The IPS is basically basically a Java based SAPCP service which gets users from a given source system according to own rules and writes them to a configured target system, again according to own rules. In our case, the source system is NW ABAP, while our target system is our own SAPCP trial account. More precisely, in our showcase the IPS reads our users from the SU01 of our NW ABAP running in Docker (source system) according to rules which we want to define. Then, these users are written to our SAPCP trial account (target system) according to another set of rules which we define. Both the source system and target system will have an own destination in the SAPCP: for reading the users/roles from SU01 the IPS will use an RFC connection, while for writing the user identities to the SAPCP user store an HTTP destination is used. The good thing is that the IPS does not have to be triggered manually each time a new user was created in the SU01. Instead, we can configure it to run the sync as a job, i.e. let’s say very 15 minutes (if you want).

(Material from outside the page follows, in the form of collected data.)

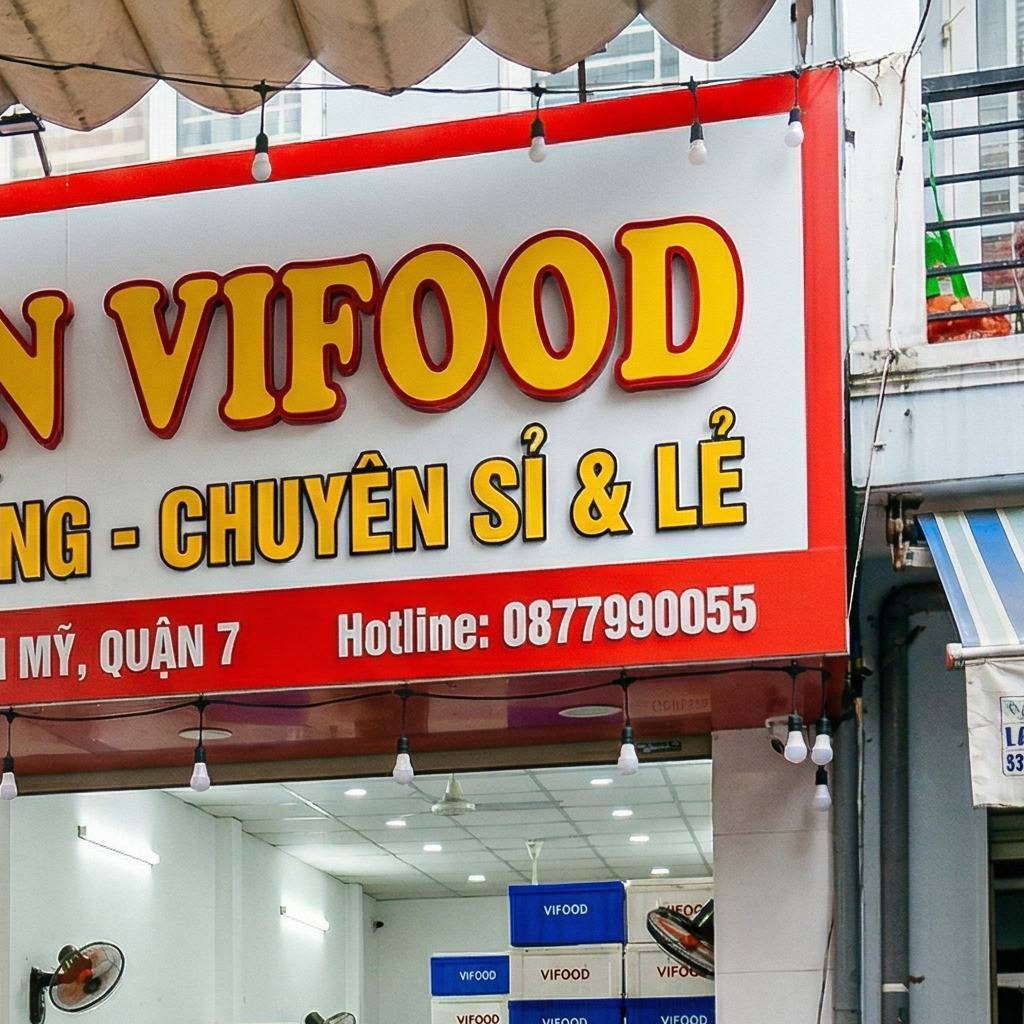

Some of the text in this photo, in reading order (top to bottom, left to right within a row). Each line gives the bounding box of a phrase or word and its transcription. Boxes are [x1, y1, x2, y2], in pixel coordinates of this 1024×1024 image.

[104, 215, 744, 440] VIFOOD
[159, 450, 449, 572] CHUYÊN
[470, 422, 548, 546] SỈ
[572, 448, 633, 538] &
[654, 405, 747, 532] LẺ
[337, 583, 758, 659] Hotline: 0877990055
[20, 623, 87, 682] MỸ,
[99, 615, 205, 680] QUẬN
[217, 621, 241, 667] 7
[543, 903, 588, 916] VIFOOD
[459, 970, 497, 981] VIFOOD
[540, 968, 590, 981] VIFOOD
[456, 1014, 500, 1024] VIFOOD

I’ve just mentioned several strange terms without explaining why: sync, user, role, group. When talking to colleagues, I typically say the IPS is syncing the users from SU01 to the SAPCP. The techie word for that is Provisioning. All that happens based on rules we can define, i.e. “Get all users having a role starting with ZMANAGER* and assign them to the SAPCP group called Manager”. Using this approach, we can simply assign all needed SAPCP roles to the group manually in the SAPCP Cockpit, while everyone assigned to the group will get all the contained roles.

All you should have understood so far is by using the IPS we can manage all User authorizations on ABAP, i.e. changes in SU01 get reflected in the SACP user store. In case I’ve lost you please make sure to watch the video a few times. I gave my best to add lots of details. Now let’s start with the work.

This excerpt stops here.